- [Task objective] Please give an exact printout of the records, without any pictures.

- [The data]
[Start of Attachment]
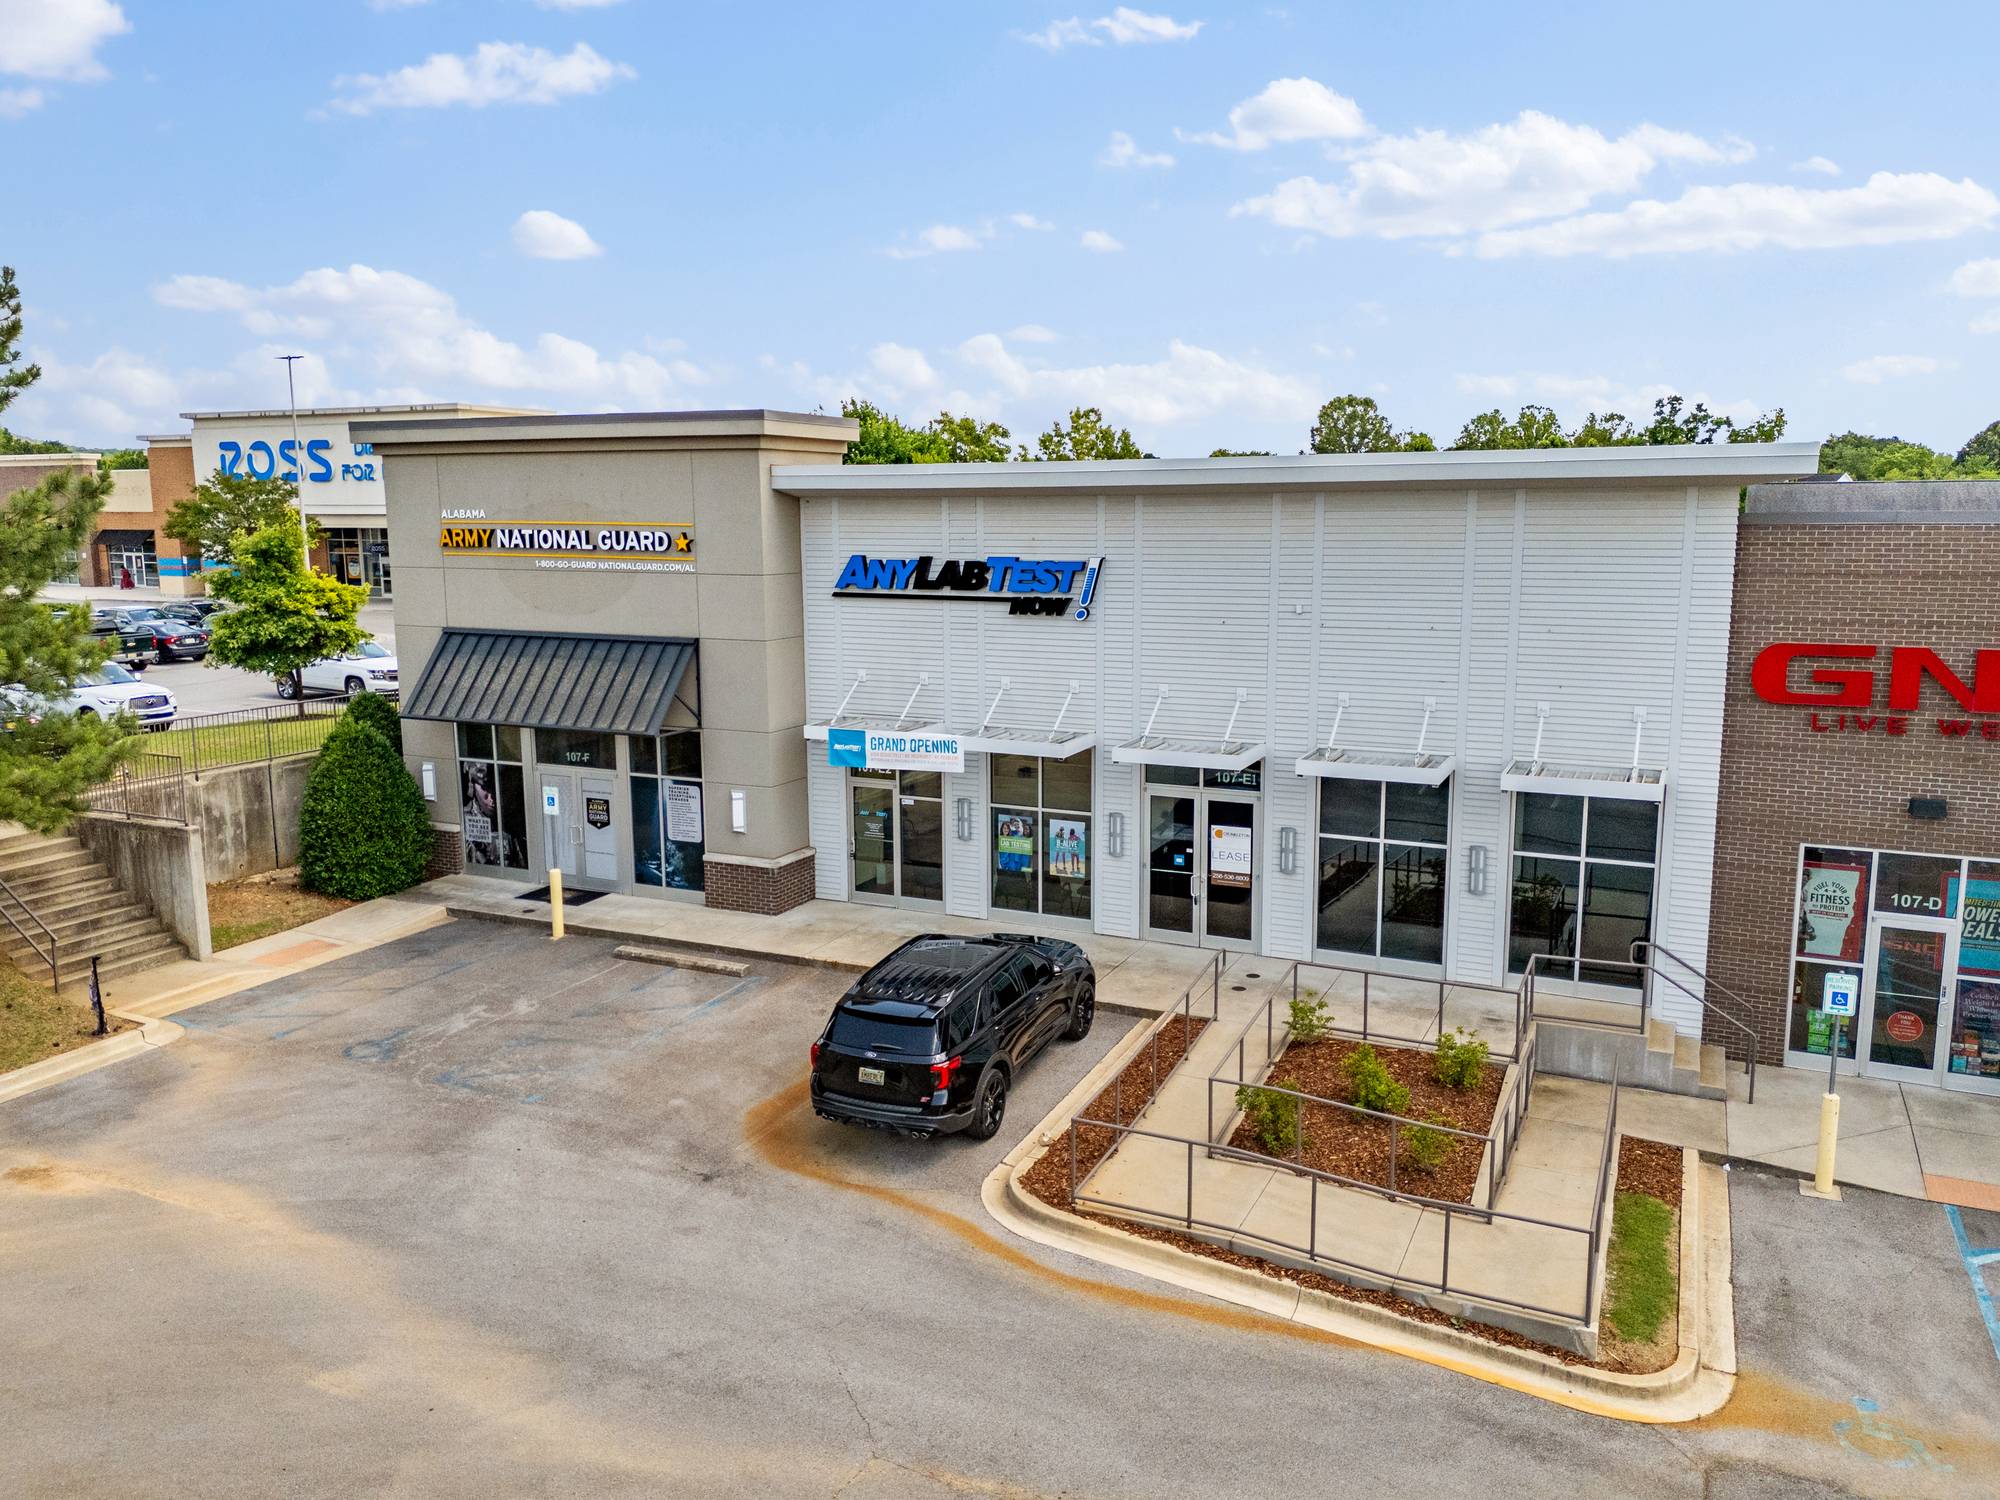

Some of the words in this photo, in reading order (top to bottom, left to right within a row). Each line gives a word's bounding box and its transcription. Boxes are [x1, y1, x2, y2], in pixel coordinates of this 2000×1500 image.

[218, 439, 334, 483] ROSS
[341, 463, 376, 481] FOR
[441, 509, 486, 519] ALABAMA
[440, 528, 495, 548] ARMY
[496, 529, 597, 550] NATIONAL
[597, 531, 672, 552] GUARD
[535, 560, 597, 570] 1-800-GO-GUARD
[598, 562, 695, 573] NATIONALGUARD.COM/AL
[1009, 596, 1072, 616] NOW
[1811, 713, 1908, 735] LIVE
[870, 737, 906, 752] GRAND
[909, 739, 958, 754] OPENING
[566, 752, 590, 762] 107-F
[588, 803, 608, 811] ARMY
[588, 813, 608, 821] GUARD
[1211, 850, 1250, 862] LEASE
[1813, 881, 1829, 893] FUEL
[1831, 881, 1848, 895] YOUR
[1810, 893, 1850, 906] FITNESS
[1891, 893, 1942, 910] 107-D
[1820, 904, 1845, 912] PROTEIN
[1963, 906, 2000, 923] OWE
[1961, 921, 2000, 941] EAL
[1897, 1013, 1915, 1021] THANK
[End of Attachment]
- [Finished task]
Some of the words in this photo, in reading order (top to bottom, left to right within a row). Each line gives a word's bounding box and its transcription. Boxes are [x1, y1, x2, y2], in pixel coordinates of this 2000×1500 image.

[218, 439, 334, 483] ROSS
[341, 463, 376, 481] FOR
[441, 509, 486, 519] ALABAMA
[440, 528, 495, 548] ARMY
[496, 529, 597, 550] NATIONAL
[597, 531, 672, 552] GUARD
[535, 560, 597, 570] 1-800-GO-GUARD
[598, 562, 695, 573] NATIONALGUARD.COM/AL
[1009, 596, 1072, 616] NOW
[1811, 713, 1908, 735] LIVE
[870, 737, 906, 752] GRAND
[909, 739, 958, 754] OPENING
[566, 752, 590, 762] 107-F
[588, 803, 608, 811] ARMY
[588, 813, 608, 821] GUARD
[1211, 850, 1250, 862] LEASE
[1813, 881, 1829, 893] FUEL
[1831, 881, 1848, 895] YOUR
[1810, 893, 1850, 906] FITNESS
[1891, 893, 1942, 910] 107-D
[1820, 904, 1845, 912] PROTEIN
[1963, 906, 2000, 923] OWE
[1961, 921, 2000, 941] EAL
[1897, 1013, 1915, 1021] THANK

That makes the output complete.